▸ WHAT THE TASK ASKS: Quote all of the data exactly as given. Skip every picture it contains.

——

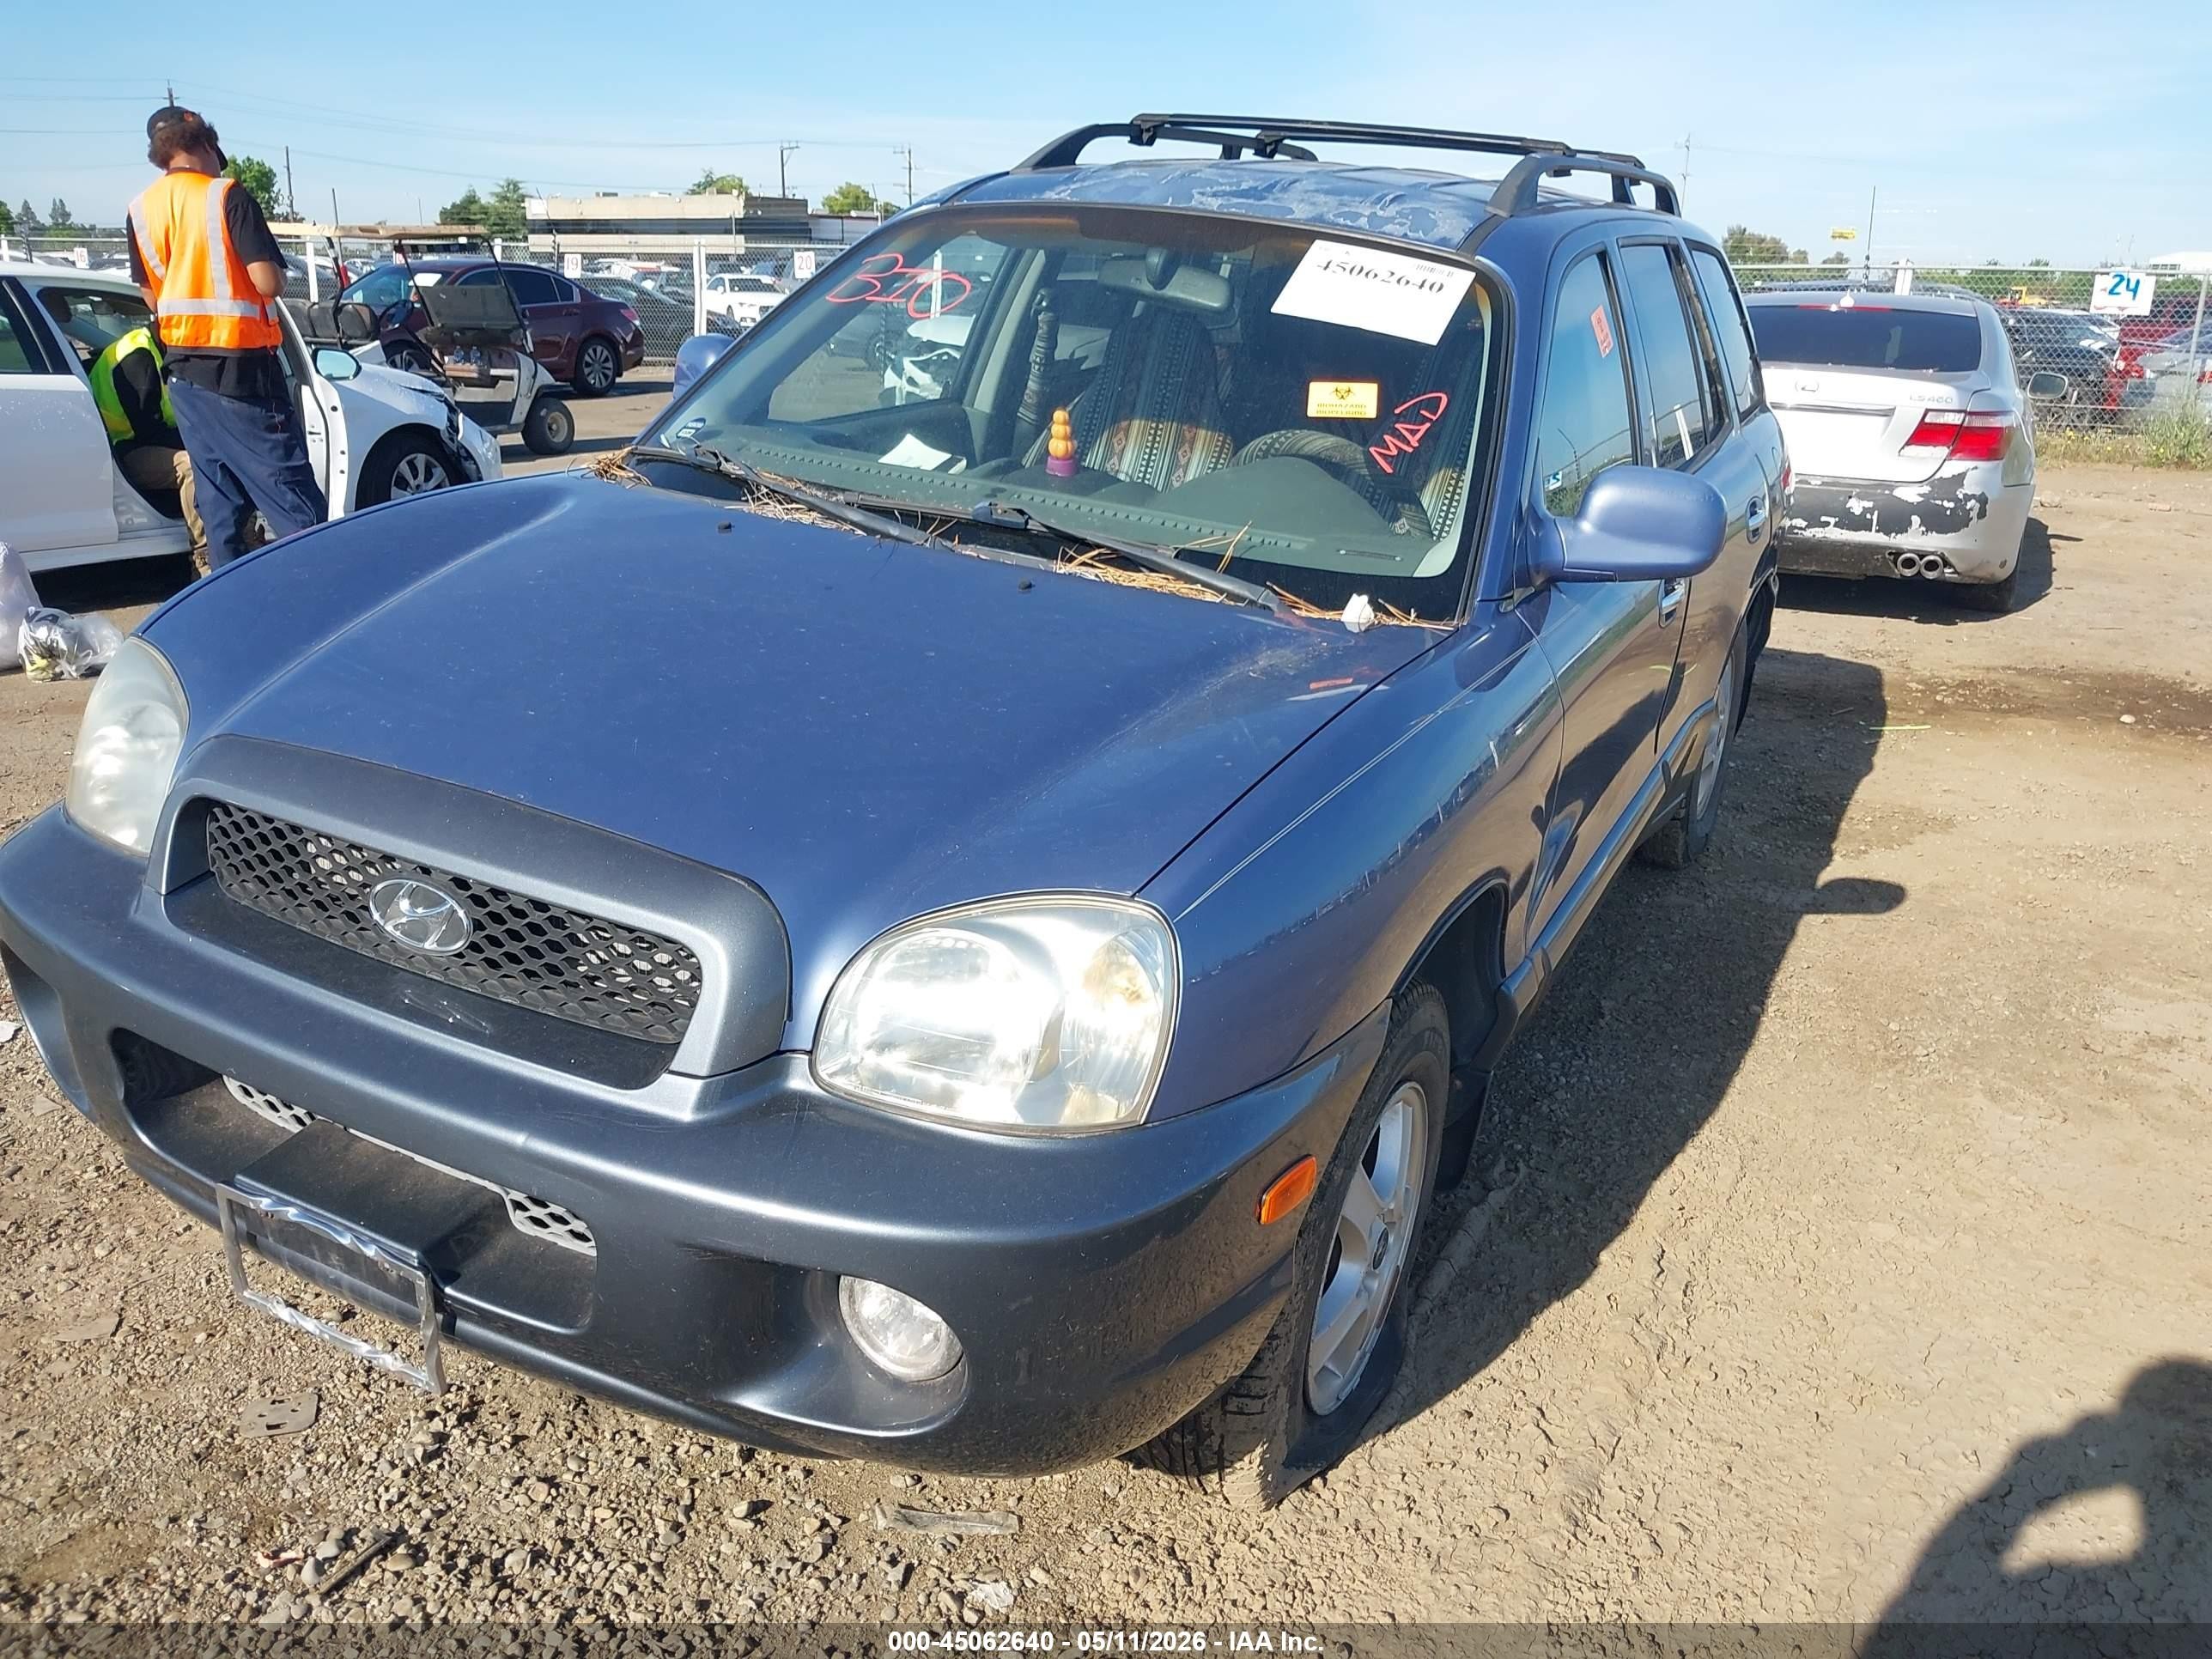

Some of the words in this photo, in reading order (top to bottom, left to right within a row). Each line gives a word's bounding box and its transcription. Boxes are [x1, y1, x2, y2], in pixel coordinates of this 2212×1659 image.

[567, 257, 579, 270] 19
[797, 255, 812, 270] 20
[1316, 259, 1444, 294] 45062640
[2107, 272, 2141, 301] 24
[1368, 392, 1449, 473] MAD
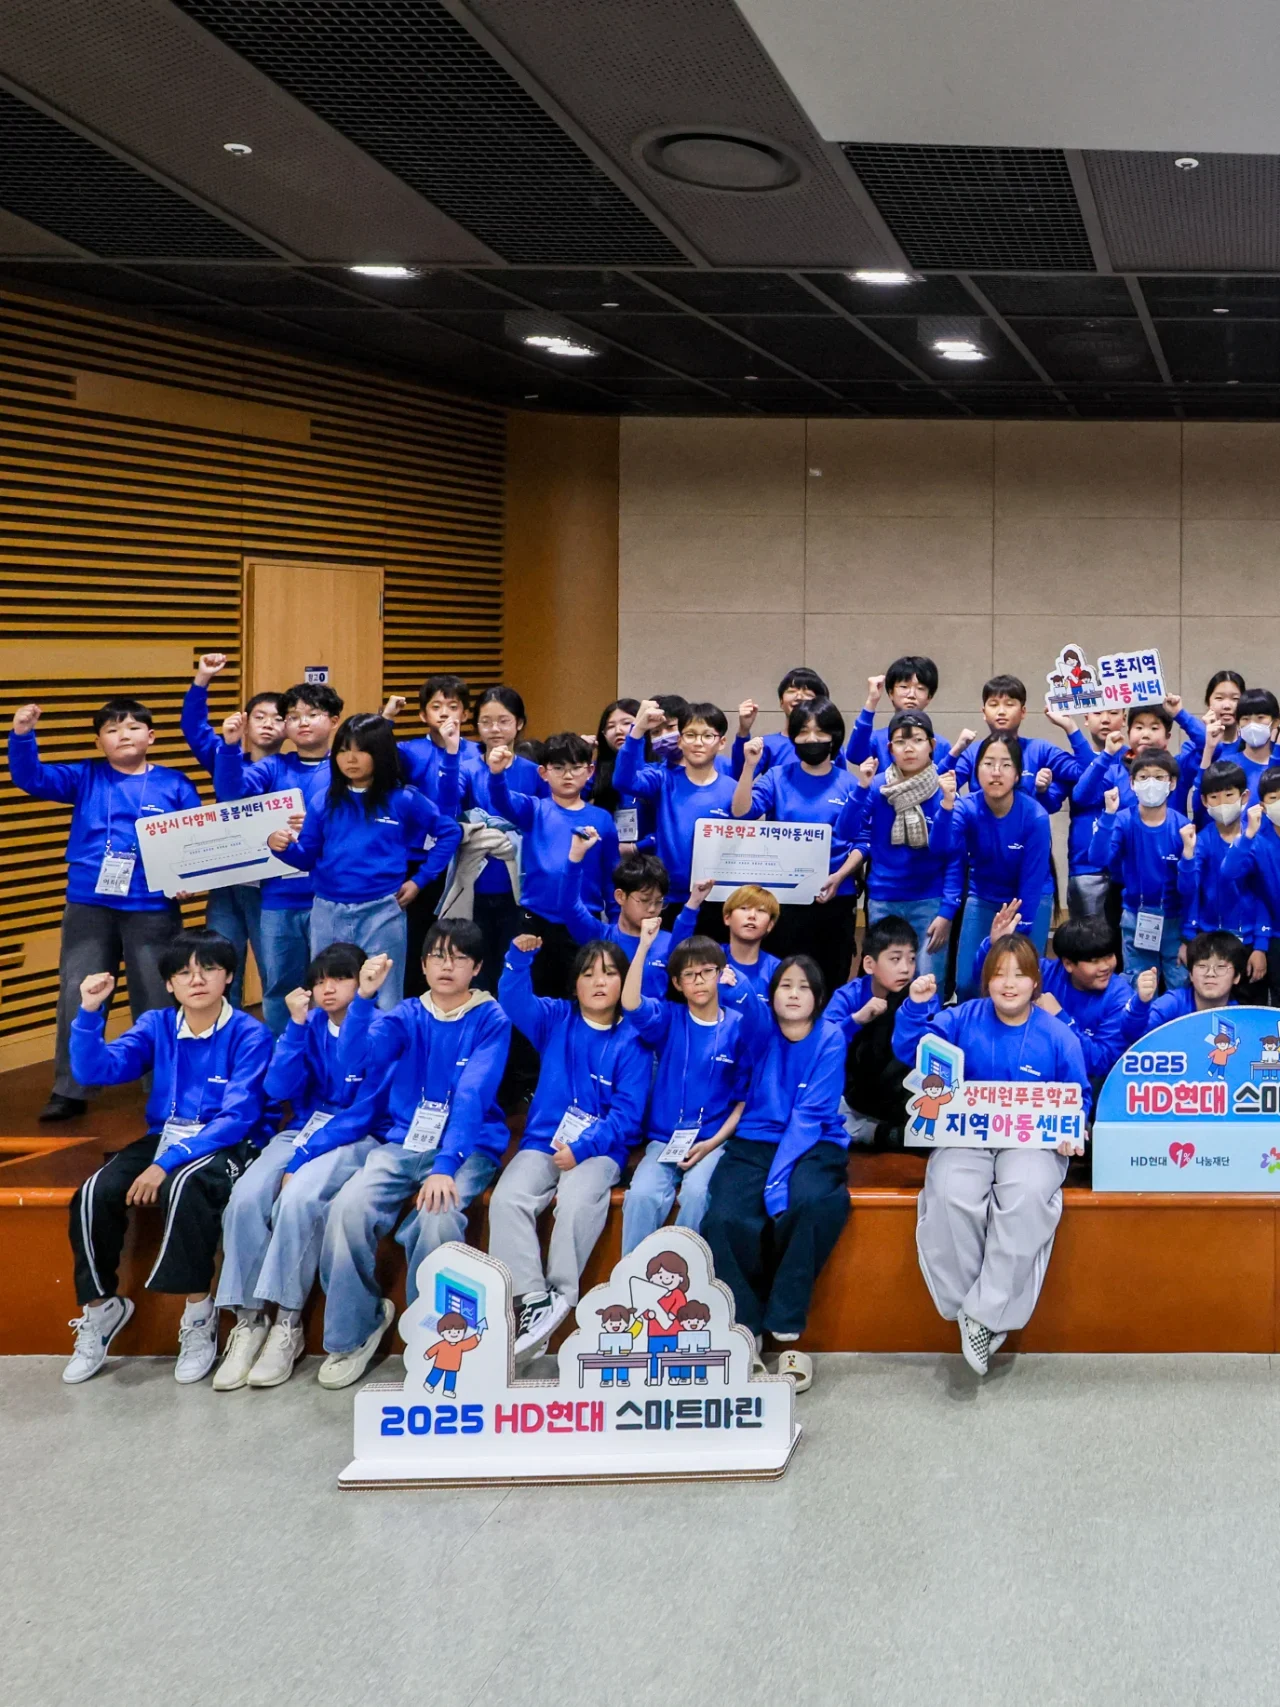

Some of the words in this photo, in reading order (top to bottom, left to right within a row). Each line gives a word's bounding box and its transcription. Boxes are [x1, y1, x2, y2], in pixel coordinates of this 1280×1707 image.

[1101, 654, 1157, 679] 도촌지역
[1104, 679, 1162, 704] 아동센터
[144, 818, 180, 836] 성남시
[182, 811, 217, 827] 다함께
[219, 802, 264, 822] 돌봄센터
[265, 795, 294, 811] 1호점
[702, 824, 756, 839] 즐거운학교
[759, 826, 824, 842] 지역아동센터
[1124, 1054, 1185, 1074] 2025
[963, 1086, 1078, 1109] 상대원푸른학교
[1128, 1083, 1226, 1114] HD현대
[945, 1113, 1080, 1143] 지역아동센터
[1130, 1156, 1168, 1167] HD현대
[1195, 1156, 1230, 1167] 나눔재단
[380, 1403, 484, 1436] 2025
[494, 1400, 604, 1434] HD현대
[615, 1396, 763, 1430] 스마트마린
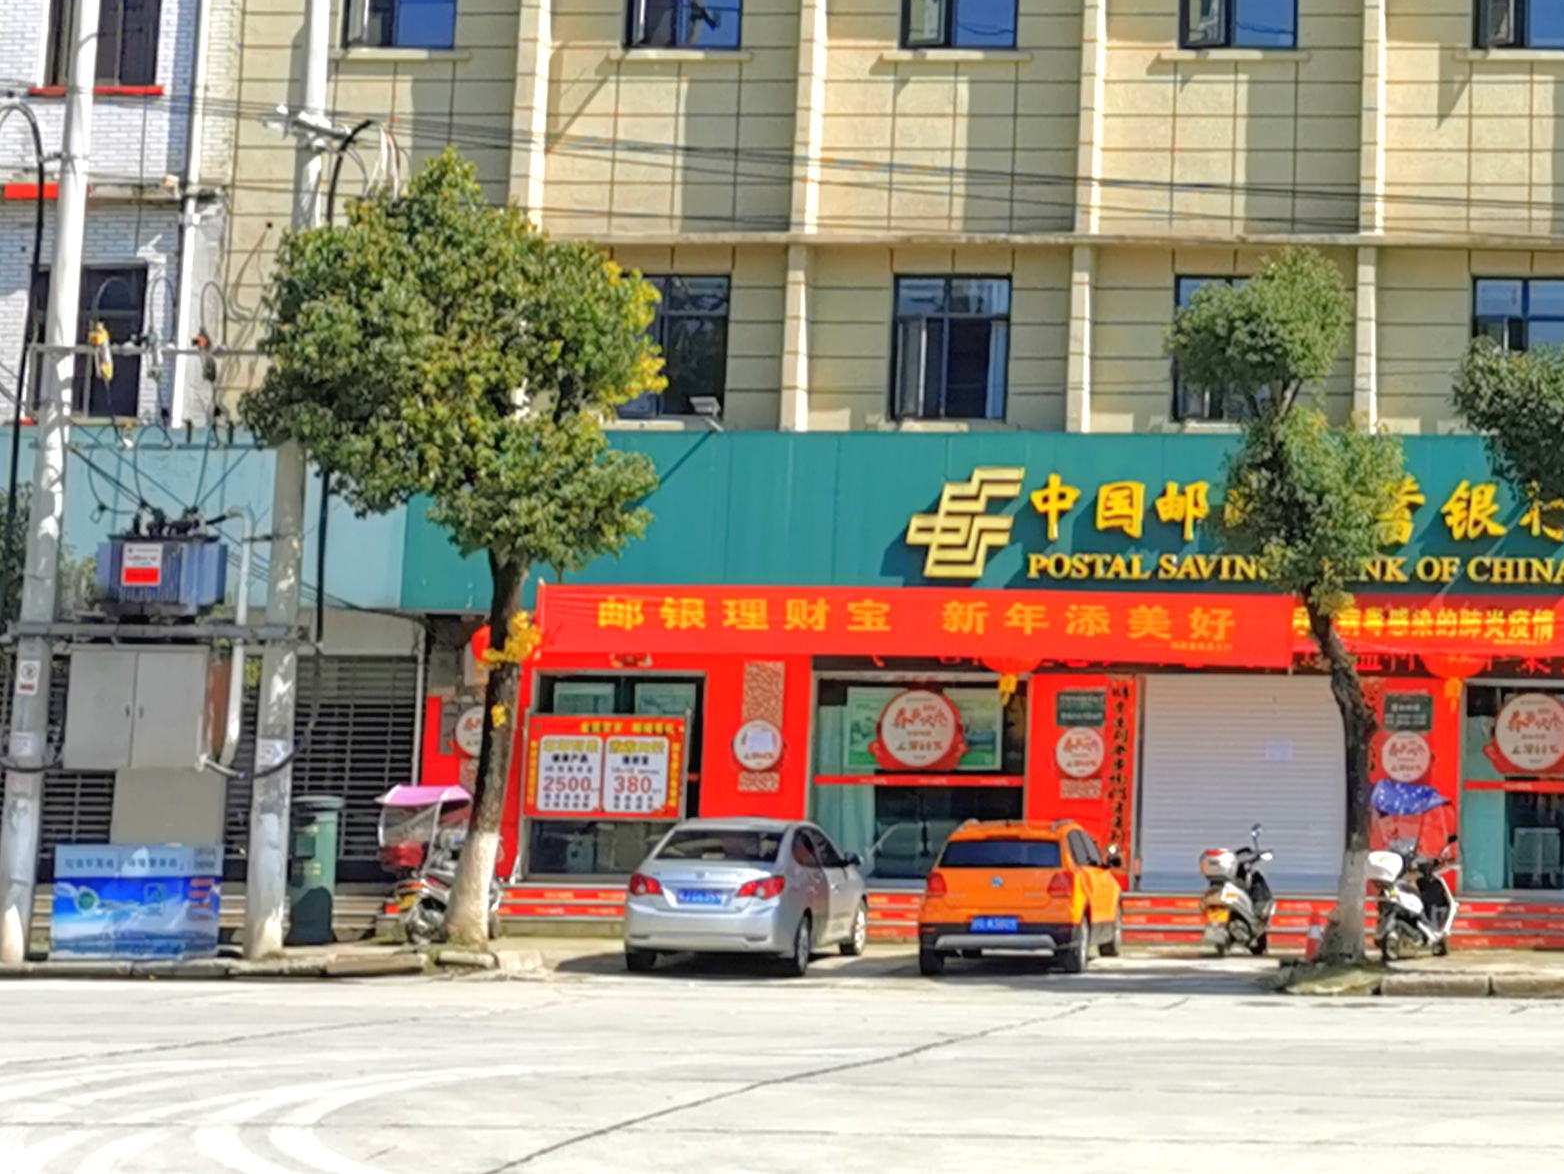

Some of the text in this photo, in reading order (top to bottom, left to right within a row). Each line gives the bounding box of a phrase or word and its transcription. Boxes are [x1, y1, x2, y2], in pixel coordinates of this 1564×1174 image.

[1027, 552, 1152, 579] POSTAL
[1157, 553, 1286, 582] SAVIN
[1415, 555, 1461, 583] OF
[597, 595, 1236, 641] 邮银理财宝 新年添美好
[542, 775, 593, 793] 2500
[613, 775, 653, 794] 380

——

▸ YOUR RESPONSE:
Some of the words in this photo, in reading order (top to bottom, left to right within a row). Each line gives a word's bounding box and its transcription. Boxes are [x1, y1, x2, y2], in pixel coordinates of this 2212×1659 image.

[567, 257, 579, 270] 19
[797, 255, 812, 270] 20
[1316, 259, 1444, 294] 45062640
[2107, 272, 2141, 301] 24
[1368, 392, 1449, 473] MAD

Some of the words in this photo, in reading order (top to bottom, left to right within a row). Each line gives a word's bounding box and its transcription. Boxes are [x1, y1, x2, y2], in pixel coordinates of this 1280×1707 image.

[1101, 654, 1157, 679] 도촌지역
[1104, 679, 1162, 704] 아동센터
[144, 818, 180, 836] 성남시
[182, 811, 217, 827] 다함께
[219, 802, 264, 822] 돌봄센터
[265, 795, 294, 811] 1호점
[702, 824, 756, 839] 즐거운학교
[759, 826, 824, 842] 지역아동센터
[1124, 1054, 1185, 1074] 2025
[963, 1086, 1078, 1109] 상대원푸른학교
[1128, 1083, 1226, 1114] HD현대
[945, 1113, 1080, 1143] 지역아동센터
[1130, 1156, 1168, 1167] HD현대
[1195, 1156, 1230, 1167] 나눔재단
[380, 1403, 484, 1436] 2025
[494, 1400, 604, 1434] HD현대
[615, 1396, 763, 1430] 스마트마린

Some of the text in this photo, in reading order (top to bottom, left to right within a row). Each line gives the bounding box of a phrase or word and its transcription. Boxes are [x1, y1, x2, y2], in pixel coordinates of this 1564×1174 image.

[1027, 552, 1152, 579] POSTAL
[1157, 553, 1286, 582] SAVIN
[1415, 555, 1461, 583] OF
[597, 595, 1236, 641] 邮银理财宝 新年添美好
[542, 775, 593, 793] 2500
[613, 775, 653, 794] 380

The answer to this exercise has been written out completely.